Dataset records:
----------
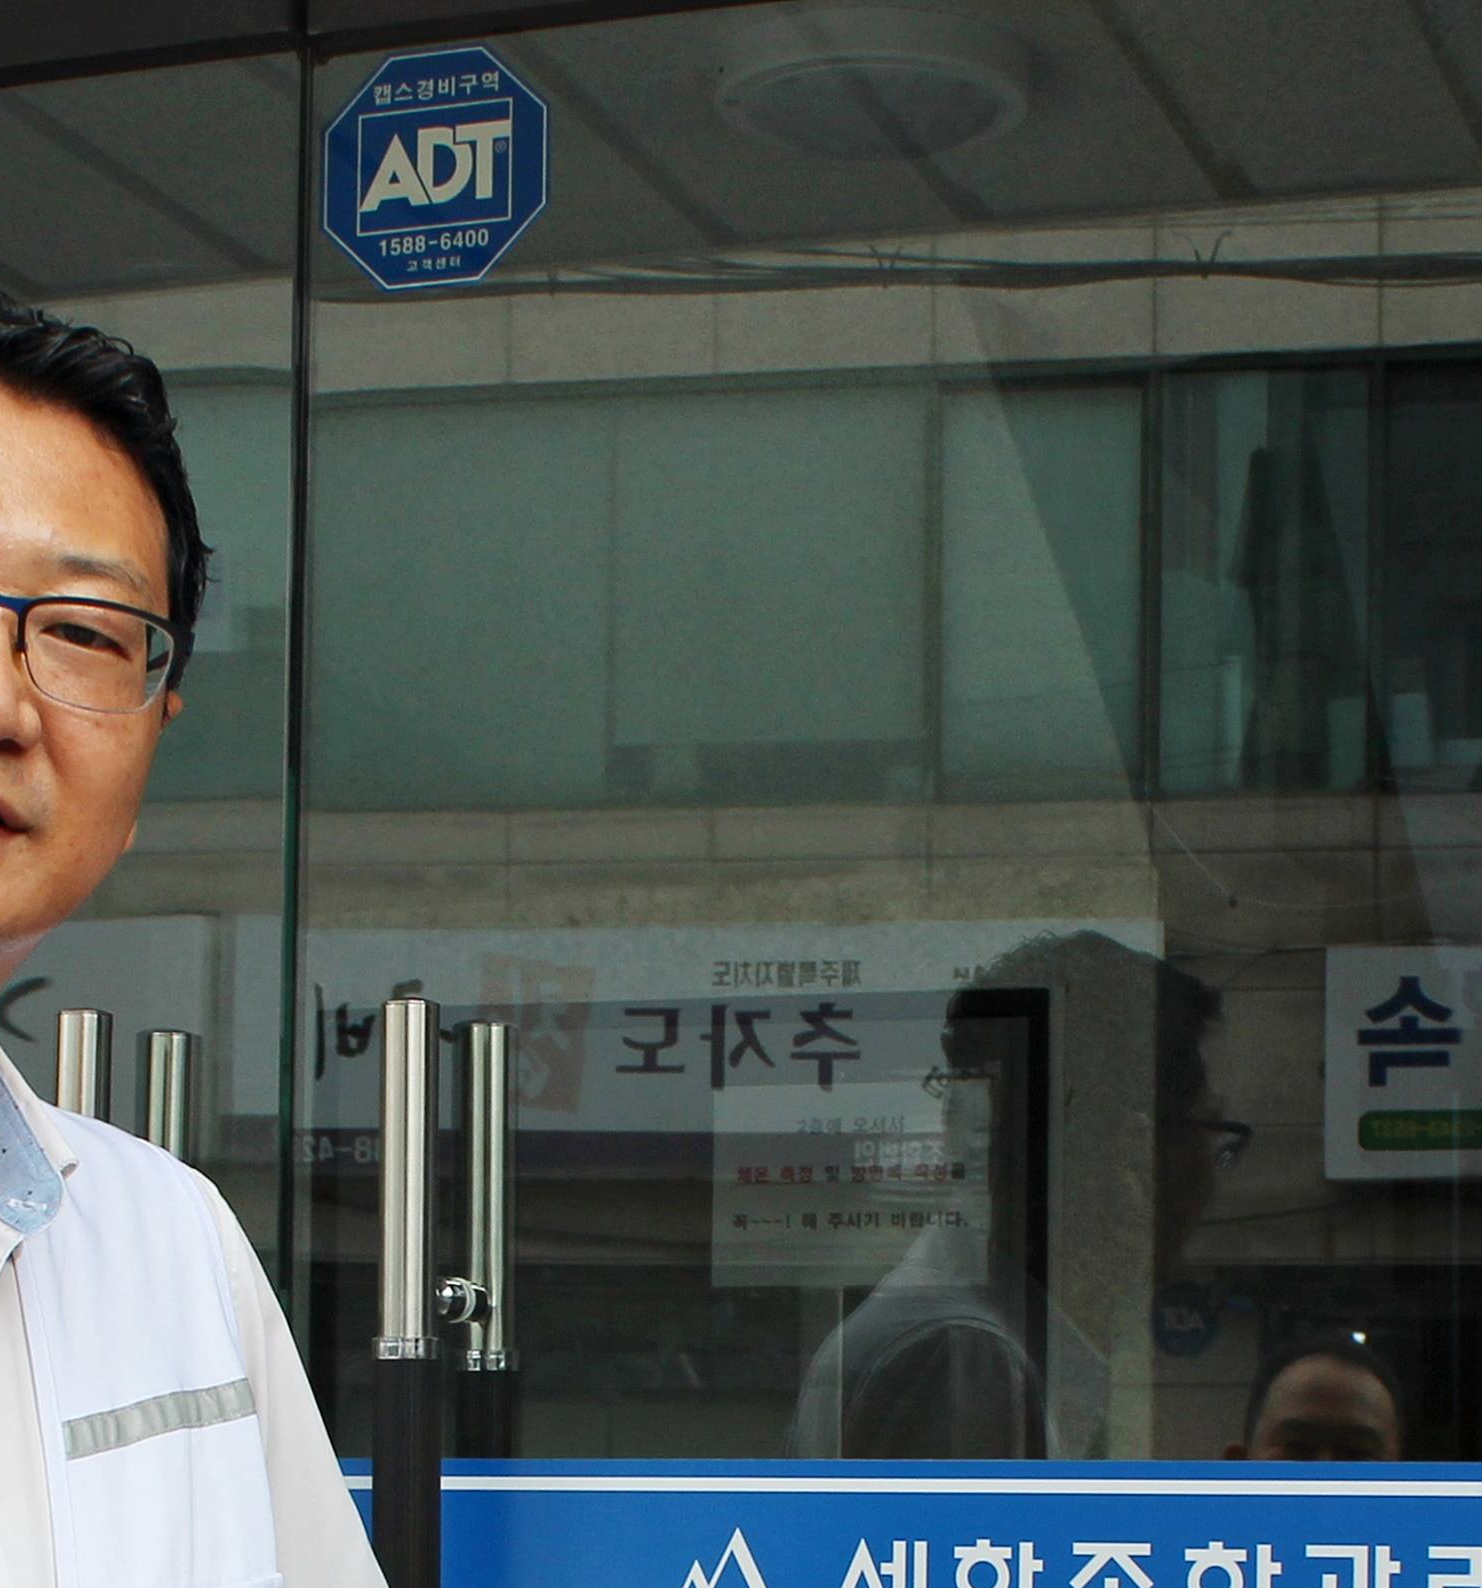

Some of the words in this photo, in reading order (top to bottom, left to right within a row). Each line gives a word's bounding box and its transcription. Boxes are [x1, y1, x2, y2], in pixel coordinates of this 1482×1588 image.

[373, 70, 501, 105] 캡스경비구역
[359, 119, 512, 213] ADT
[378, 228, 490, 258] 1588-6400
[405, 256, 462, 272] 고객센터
----------
* [YOUR ASSIGNMENT]:
Skip the images and restate each record above word for word.

* [ANSWER AREA]:
Some of the words in this photo, in reading order (top to bottom, left to right within a row). Each line gives a word's bounding box and its transcription. Boxes are [x1, y1, x2, y2], in pixel coordinates of this 1482×1588 image.

[373, 70, 501, 105] 캡스경비구역
[359, 119, 512, 213] ADT
[378, 228, 490, 258] 1588-6400
[405, 256, 462, 272] 고객센터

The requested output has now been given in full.